Low carbohydrate diets were introduced in the early 1970s, and have seen several re-introductions since.  From the famed Atkins diet, to South Beach, and now to the more recent Paleo approach, low carbohydrate diets have seen their heyday several times over. Still, controversy remains as to whether or not this type of diet is the best approach to a healthy eating style. Here’s an update on more recent low carb food trends.

Be smart about low carb diet products

Bread, beer and pasta – foods traditionally known as high in carbohydrates – are now available as low carb options. This seems like good news for people who are looking for some of their favorite foods in a low carb option, but also confusing for the average consumer. While labels like, “low cholesterol” and “low sodium” are well defined by the FDA, a proper definition for “low carb” doesn’t yet exist. What is important for consumers to realize is that many packaged foods marketed as “low carb”” are not necessarily healthier or more nutritious than their regular-carb counterparts, and they tend to contain roughly the same number of calories.  If you are someone who is seeking low carb food products for the purpose of weight loss, inform and educate yourself by reading the nutrition facts panels on your favorite low carb food products, and remember that calories matter.

A hidden benefit

Many low carb food products contain other carbohydrates such as glycerin, which adds sweetness and texture. These, along with fiber, are often subtracted from the total number of carbohydrates listed on the nutrition facts panel. The result – “net carbs.” Other carbs like glycerin do not raise blood sugar as quickly as regular carbohydrates, but they still have calories. A benefit of low carb food products is that the highly processed starches added for texture and bulk is difficult for the body to digest, and bodies recognize it as fiber.  Given most Americans’ low fiber intake, this isn’t so bad.

Diabetes

A low carb diet is useful in managing diabetes and prediabetes. According to the American Diabetes Association, the best meal-planning tool for most people with diabetes is carbohydrate counting – focusing on the total number of carbs consumed. Further, using the glycemic index (GI) may provide added benefit for achieving individual blood glucose goals. Several organizations, including the World Health Organization, endorse the use of a low GI diet to control diabetes.
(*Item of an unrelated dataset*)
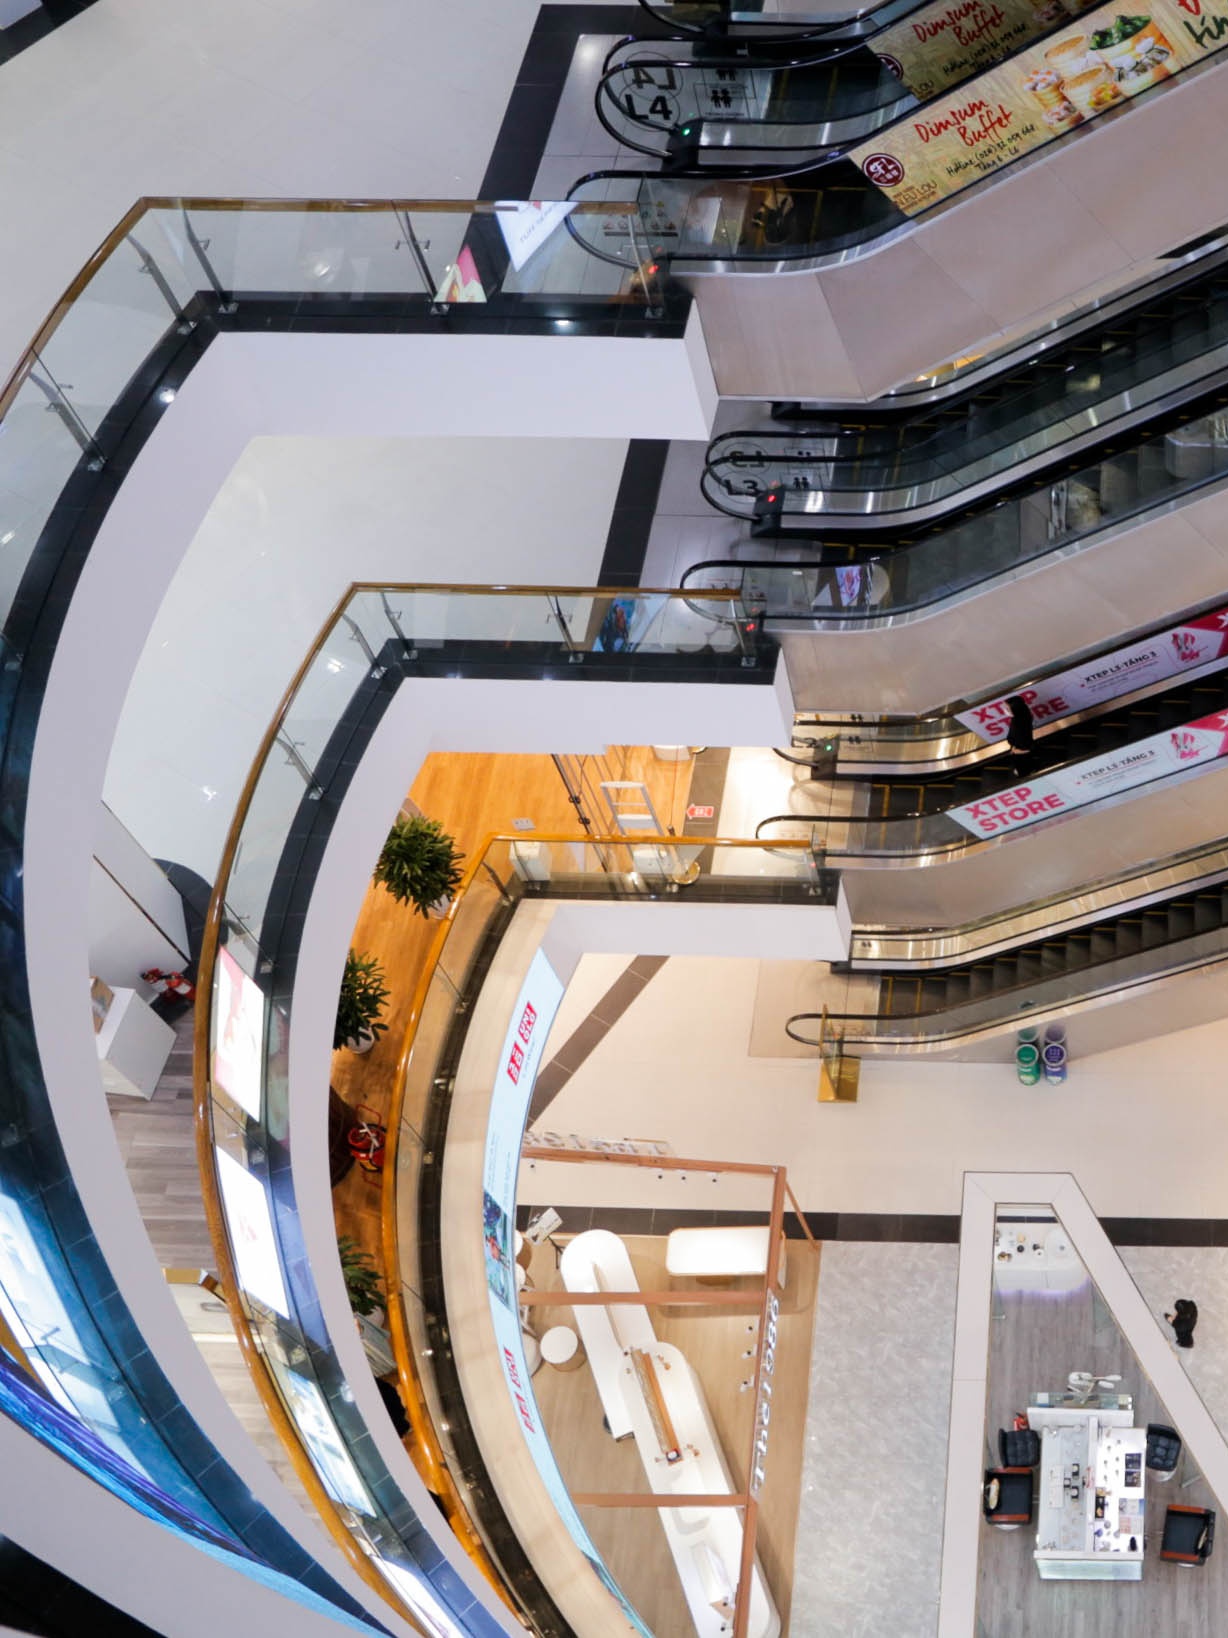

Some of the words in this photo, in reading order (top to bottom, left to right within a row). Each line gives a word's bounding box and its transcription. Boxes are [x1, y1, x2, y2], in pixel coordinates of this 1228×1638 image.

NuGo Slim high protein bars have 5-6 grams of net carbs and a very low glycemic index of 24-29 to help avoid blood sugar spikes. The calculation for Net Carbs is Total Carbs – Fiber – Other Carbs = Net Carbs. This is a common way to calculate net carbs. The other carbs in NuGo Slim comes from vegetable glycerin which has minimal impact on blood glucose levels.

Take-away

Modern-day low-carb diets have moved away from things like bacon and other high-fat meats. Instead, lean meat, fish, poultry, eggs, and most fruits and vegetables compose this approach to eating. This yields its benefits, particularly the fruits and vegetables, but still unnecessarily restricts many health-promoting foods such as dairy products, oats, quinoa and legumes – foods that greatly contribute to a balanced diet. If a low carb diet is the way you like to go, be smart and selective about your choices to ensure you are getting the nutrition you need, particularly the iron, calcium and fiber that lack in many low carb diet products and approaches. Read nutrition facts labels, focus on plant foods, choose lean meats, and include high-fiber whole grains and legumes to round out your daily menu.